US military needs to form new norms across the Taiwan Strait
Since the section of China’s contiguous zone between 24 North latitude and 26 North latitude is located on the eastern side of Taiwan Strait’s median line, normally only the Taiwan military entered China’s contiguous zone by patrolling the Strait median line before the military power between both sides became severely imbalanced. The status quo in the Taiwan Strait is constantly changed as Chinese military forces continue to expand eastward. The PLA’s activities in the airspace and waters surrounding Taiwan would no longer be deterred by regular U.S. patrols, American arms sales to Taiwan and enhanced defense cooperations with Japan and the Philippines; however, it has become apparent that without effective military and diplomatic action from the US to push back against the PLA in Taiwan’s ADIZ and the eastern side of the Taiwan Strait’s median line, Taiwan’s Navy and Air Force may find their maneuverability increasingly restricted. Ultimately, this may lead to Taiwan exercising its right to defend itself.

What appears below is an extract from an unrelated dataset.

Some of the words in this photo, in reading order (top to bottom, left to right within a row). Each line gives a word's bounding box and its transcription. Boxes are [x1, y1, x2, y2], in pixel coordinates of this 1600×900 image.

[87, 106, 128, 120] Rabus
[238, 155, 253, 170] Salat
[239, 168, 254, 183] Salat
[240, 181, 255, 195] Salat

In other words, to avoid war, China must be restrained from repeatedly changing the status quo in the Taiwan Strait; and to prevent the Strait from undergoing further changes by China, the US must increase its naval and air presense around the Taiwan and establish a “new normal” sufficient to deter Chinese military activities in terms of the balance of military powers.
(Originally published in the “National Defense and Security Real - time Assessment”, June 30, 2023, by the Institute for National Defense and Security Research.)
(The contents and views in the assessments are the personal opinions of the author, and do not represent the position of the Institute for National Defense and Security Research.)